*Instructions for the task*: Everything from the line with "this 2000×1500 image." to the end of the data below must be returned exactly as it is, and nothing besides.

*Data listing*:
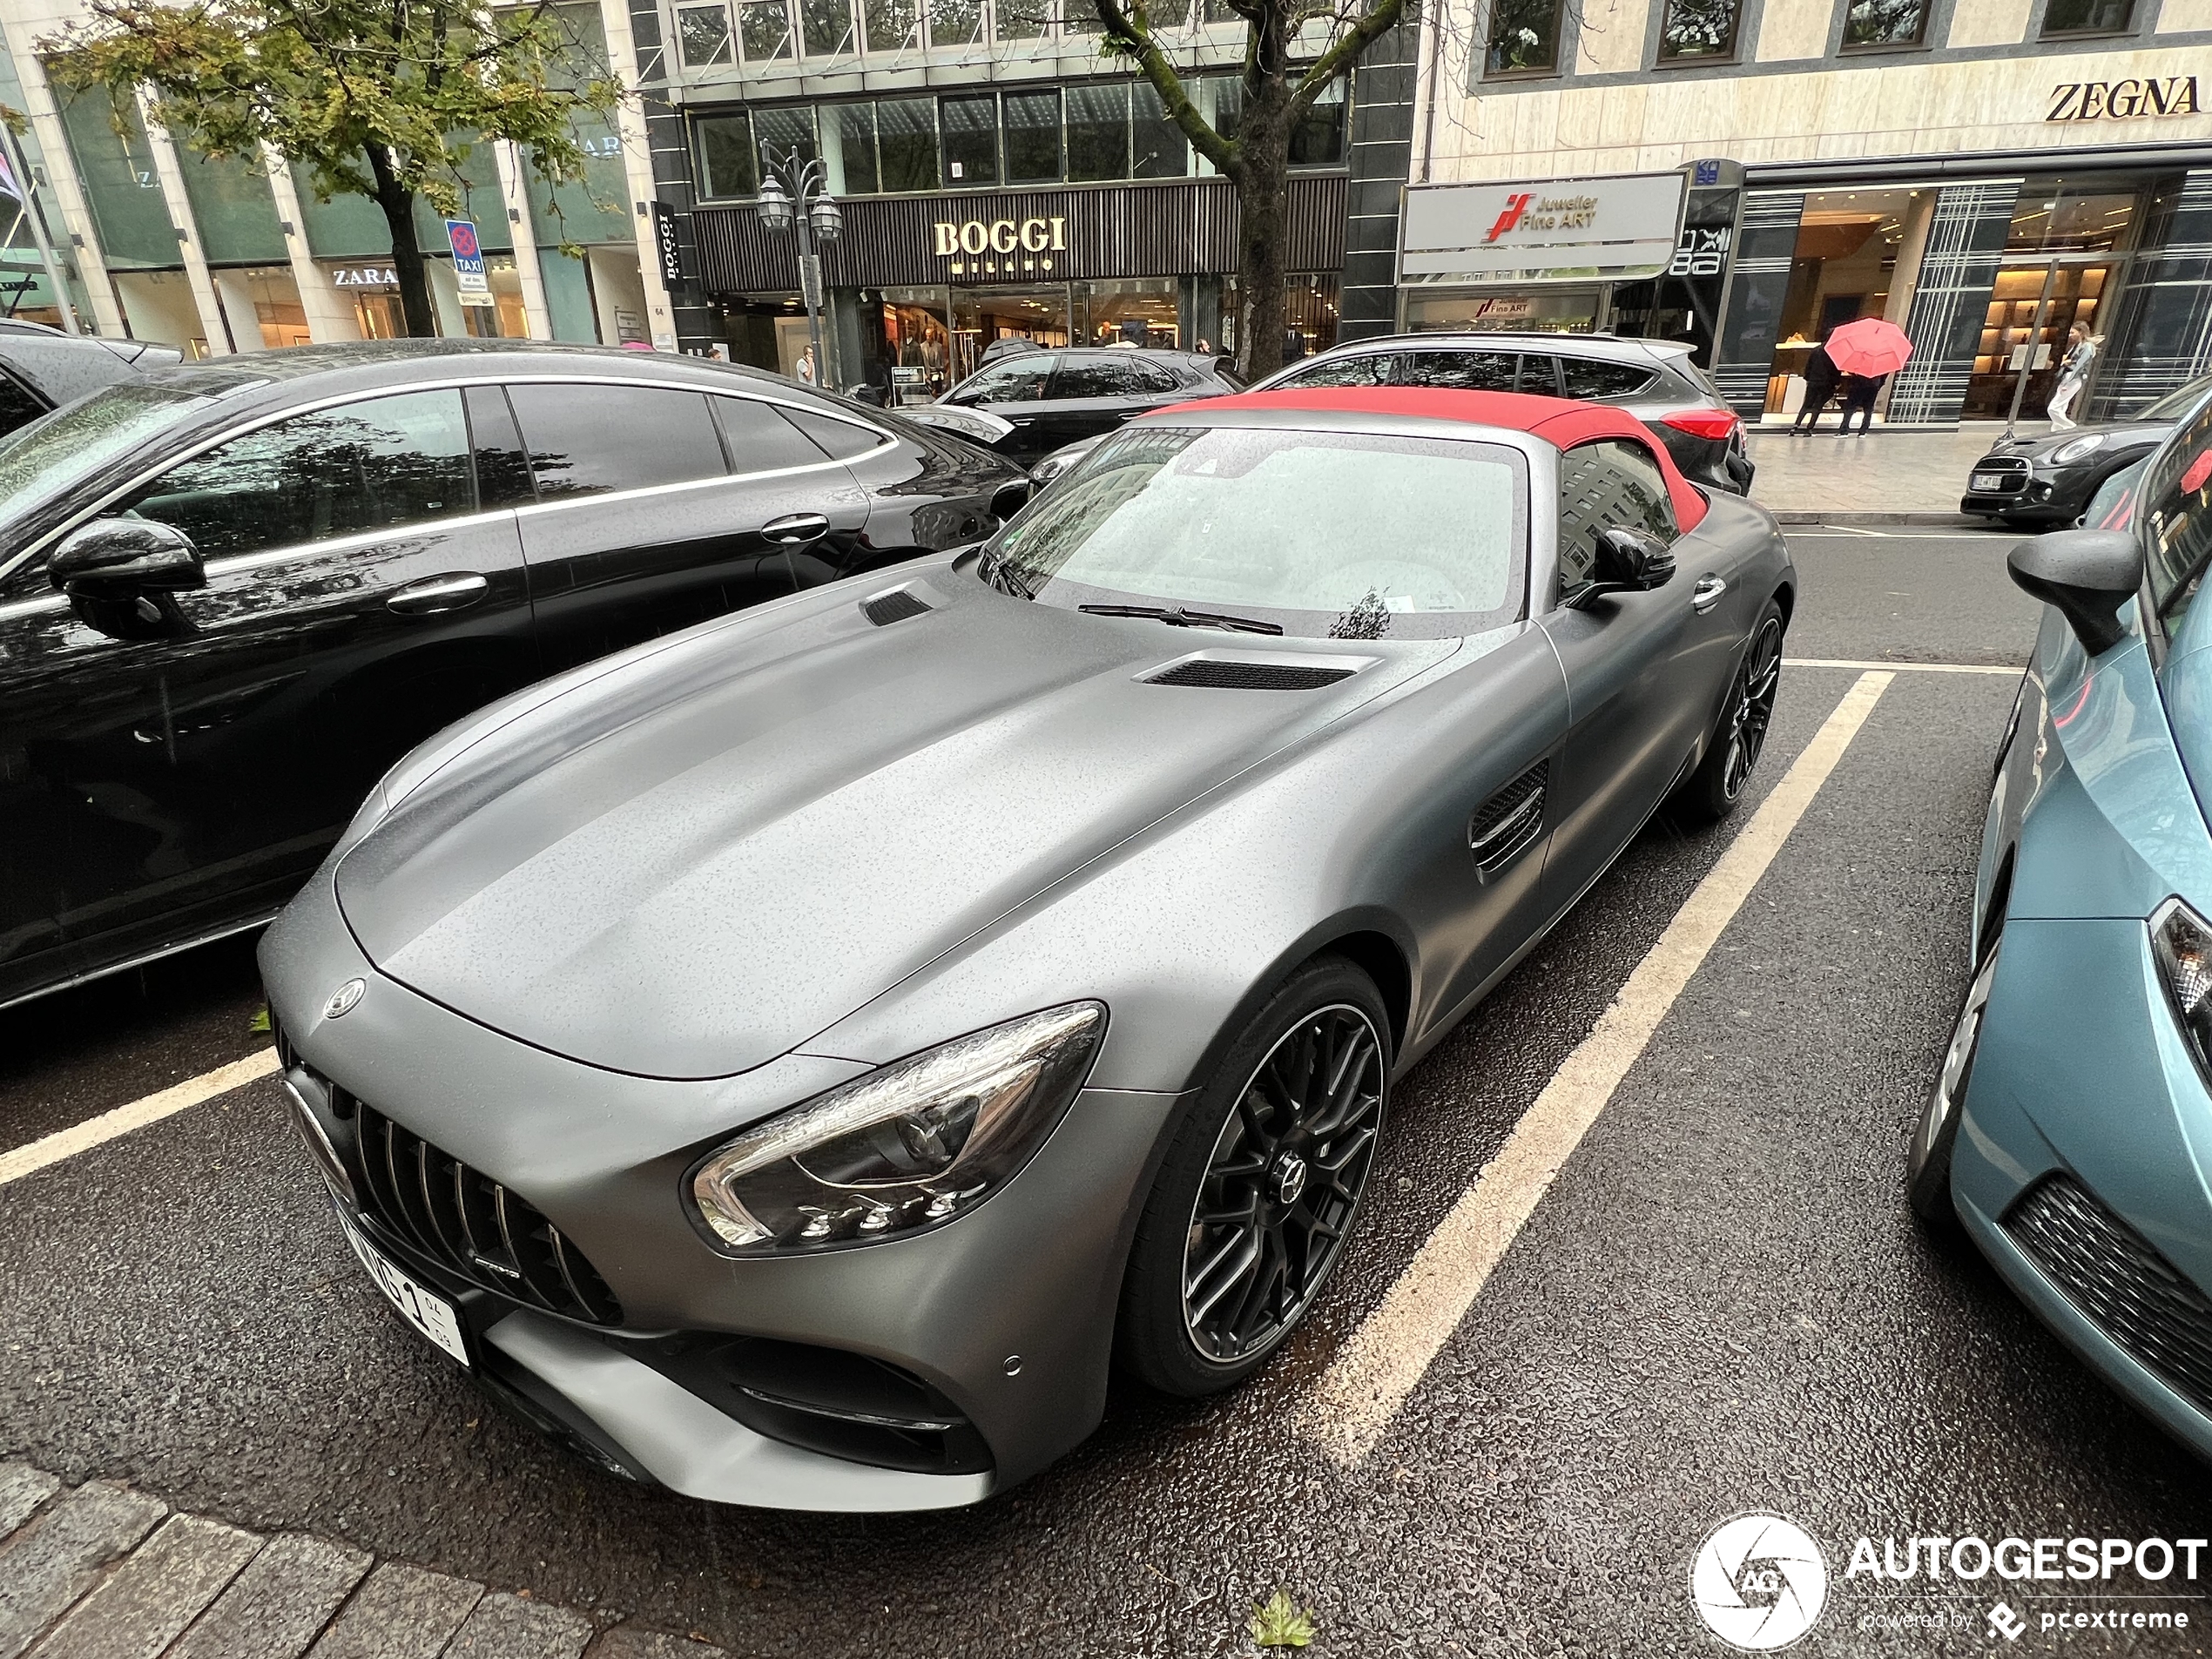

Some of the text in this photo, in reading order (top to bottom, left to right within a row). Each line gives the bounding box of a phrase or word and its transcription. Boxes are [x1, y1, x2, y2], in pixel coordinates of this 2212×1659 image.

[2046, 76, 2202, 122] ZEGNA
[1520, 211, 1596, 231] Fine ART
[934, 218, 1066, 255] BOGGI
[658, 213, 677, 280] BOGGI
[457, 260, 482, 273] TAXI
[951, 259, 1053, 275] MILANO
[333, 268, 399, 286] ZARA
[1510, 304, 1528, 313] ART
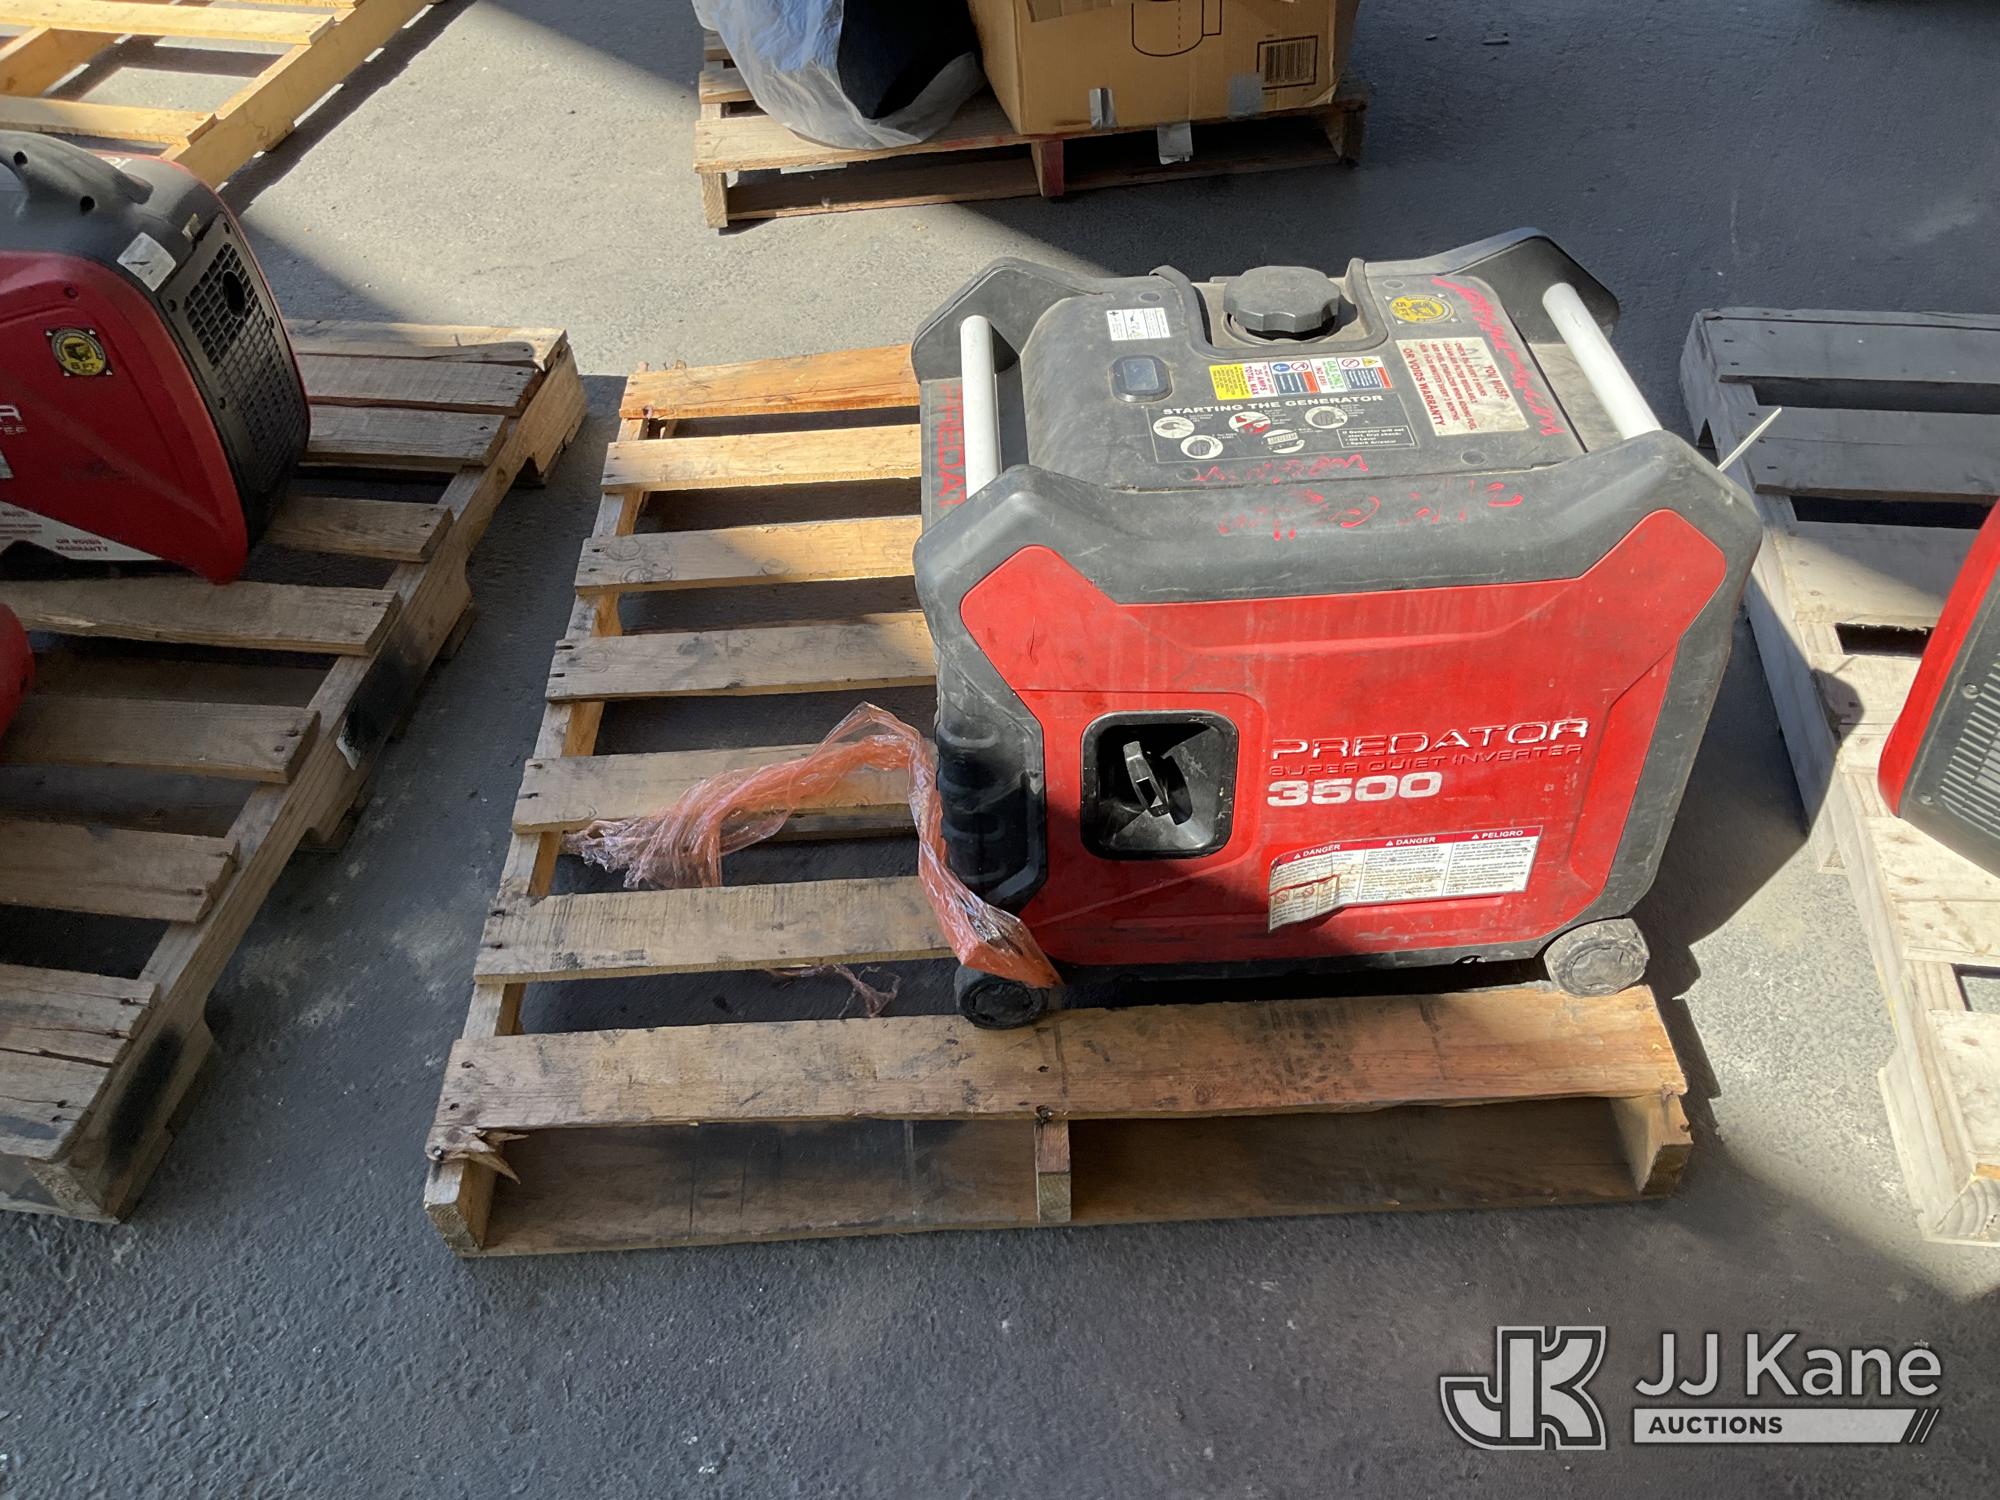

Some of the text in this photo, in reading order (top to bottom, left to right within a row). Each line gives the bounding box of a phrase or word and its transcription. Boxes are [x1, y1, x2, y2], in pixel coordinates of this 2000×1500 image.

[1482, 365, 1499, 378] YOU
[1402, 348, 1445, 425] OR VOIDS WARRANTY
[1162, 404, 1243, 414] STARTING
[1284, 395, 1383, 405] GENERATOR
[1272, 718, 1589, 759] PREDATOR
[1452, 744, 1583, 766] INVERTER
[1268, 772, 1442, 807] 3500
[1396, 837, 1436, 846] DANGER
[1482, 829, 1523, 838] PELIGRO
[1302, 844, 1341, 857] DANGER

*Problem solution*:
Some of the text in this photo, in reading order (top to bottom, left to right within a row). Each line gives the bounding box of a phrase or word and its transcription. Boxes are [x1, y1, x2, y2], in pixel coordinates of this 2000×1500 image.

[1482, 365, 1499, 378] YOU
[1402, 348, 1445, 425] OR VOIDS WARRANTY
[1162, 404, 1243, 414] STARTING
[1284, 395, 1383, 405] GENERATOR
[1272, 718, 1589, 759] PREDATOR
[1452, 744, 1583, 766] INVERTER
[1268, 772, 1442, 807] 3500
[1396, 837, 1436, 846] DANGER
[1482, 829, 1523, 838] PELIGRO
[1302, 844, 1341, 857] DANGER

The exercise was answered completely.